MYRTLE BEACH, S.C. (WBTW) — As tourists descend onto the Grand Strand’s beaches for another summer season, many more are coming to the area and staying for good.
That’s why the area is rapidly growing, but so are rent prices. And while housing developments and complexes are going up at every turn to accommodate the migration south, some people feel left out of the housing crunch.
“They can’t forget us and that’s what they’re doing,” longtime Myrtle Beach area resident Carolina Jordan said. “In my 20s it was easy to find a place to live…It didn’t cost an arm and a leg. I never had this kind of problem.”
Jordan has lived in the area for 35 years and works in hospitality. The problem is finding a new apartment for her and her fiancé ahead of their current lease ending.
“The only thing we can find that’s affordable would be shared units with college kids,” she said. “The most other affordable places are out in Conway or Loris and if you work at the beach the commute is 10 times the gas. So it’s just very, very hard. And the places that may be affordable around here are not the best places.”
Caroline’s problem is one SC Housing is tracking closely.
“You have the cost of housing is pretty substantially outpacing increases in wages,” Chief Research Officer at SC Housing Bryan Grady said. “And I think that’s particularly the case with these sort of service sector jobs that are particularly present in Horry County.”
SC Housing’s 2021 Housing Needs Assessment says South Carolina is becoming less affordable.
The report says all but six counties in the Palmetto State have a wage gap between the average hourly renter wage and what it would take to rent a basic two bedroom apartment. Horry County has one of the highest gaps — $7.95.
“Part of the issue particularly in Horry County is a lot of the housing is to serve seasonal and vacation housing,” Grady said.
At the Housing Authority of Myrtle Beach, operations director Carol McCall said the city faces a shortage of affordable housing and housing choice vouchers.
She said a lot of people are out of work because of COVID-19 and come in asking if they can get help.
“And the answer is ‘not really,'” she said.
Other programs the Housing Authority facilitates offer some relief, but McCall says they can’t get enough landlords to take vouchers.
“I think a lot of times its that nimby feeling,” she said. “‘Oh these people really need help but not in my backyard.'”
A solution to “workforce” housing though could be around the corner.
“To be able to work in Myrtle Beach and live in Myrtle Beach, it’s got to be affordable to each individual person,” McCall said.
The Workforce Housing Committee is working in a way to achieve just that in the city.
“Our first part was the housing needs assessment,” Director of Construction for Habitat for Humanity of Horry County Chad Charles said.

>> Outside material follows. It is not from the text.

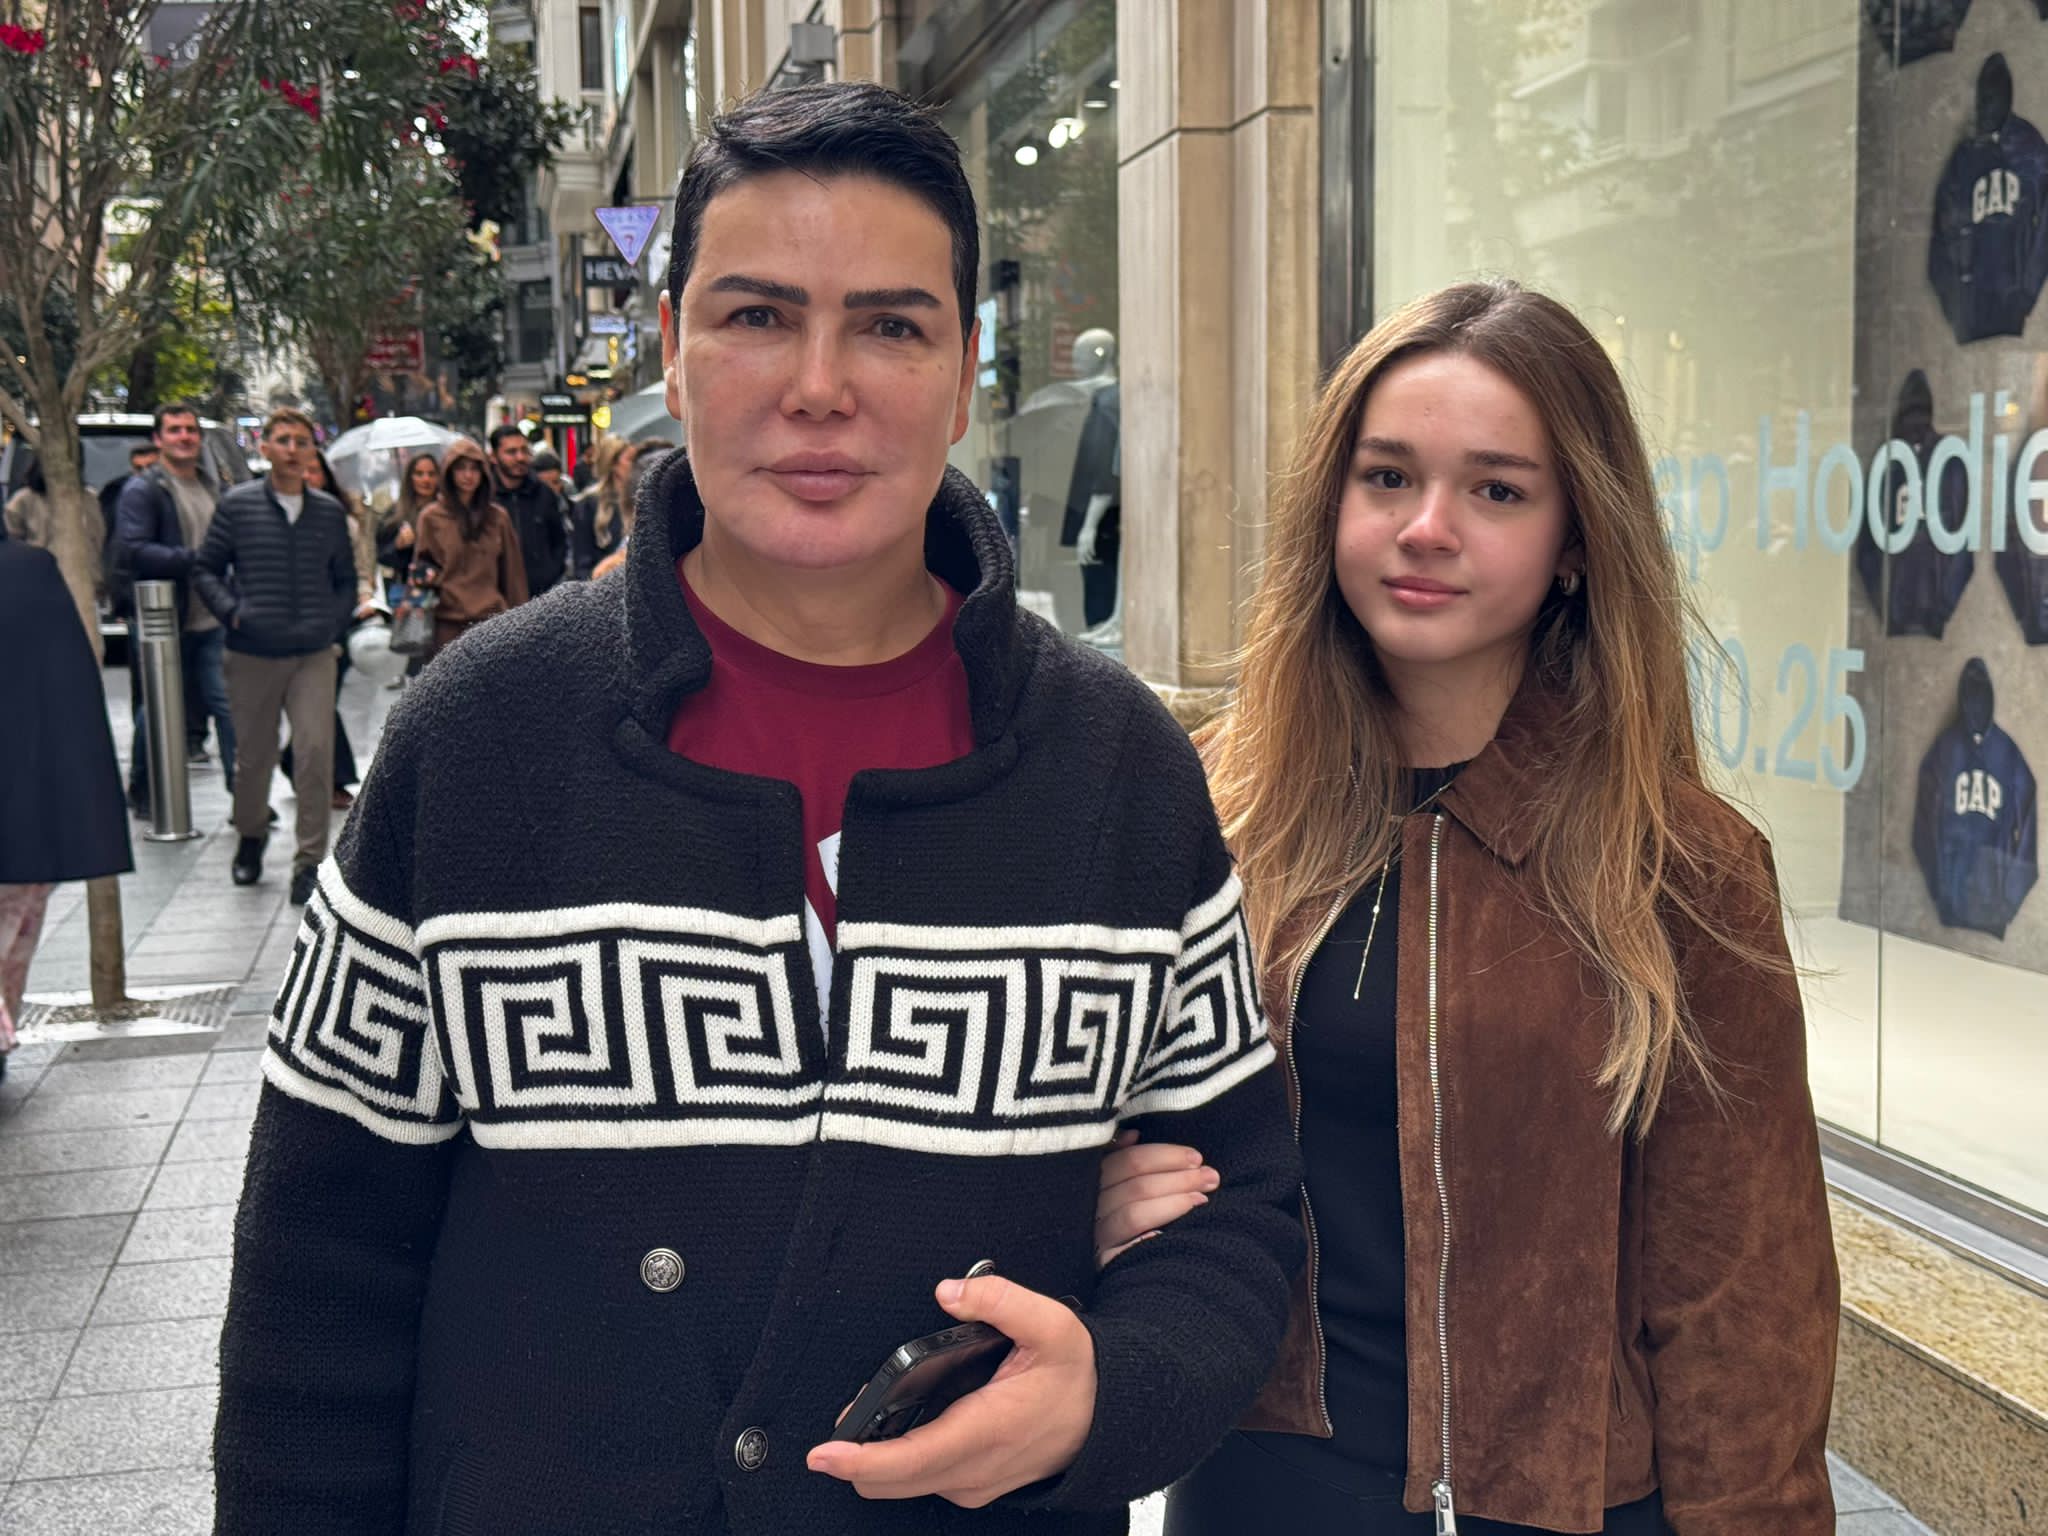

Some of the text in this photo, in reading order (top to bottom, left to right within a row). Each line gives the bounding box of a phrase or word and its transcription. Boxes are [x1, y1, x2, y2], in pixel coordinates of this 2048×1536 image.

He heads up the committee. “We just completed that.”
The newly released report from the committee says 6,077 people live and work within the city of Myrtle Beach, while 35,138 work in the city but live elsewhere.
Charles said the committee is working on more research and developing potential solutions.
“From a workforce standpoint it will be new units as well as rehabbing some existing units,” he said. “Now whether there’s some subsidy or not will be left up to the city and what they’d like to see done.”
The committee is expected to present a toolkit with some actionable items in January 2022.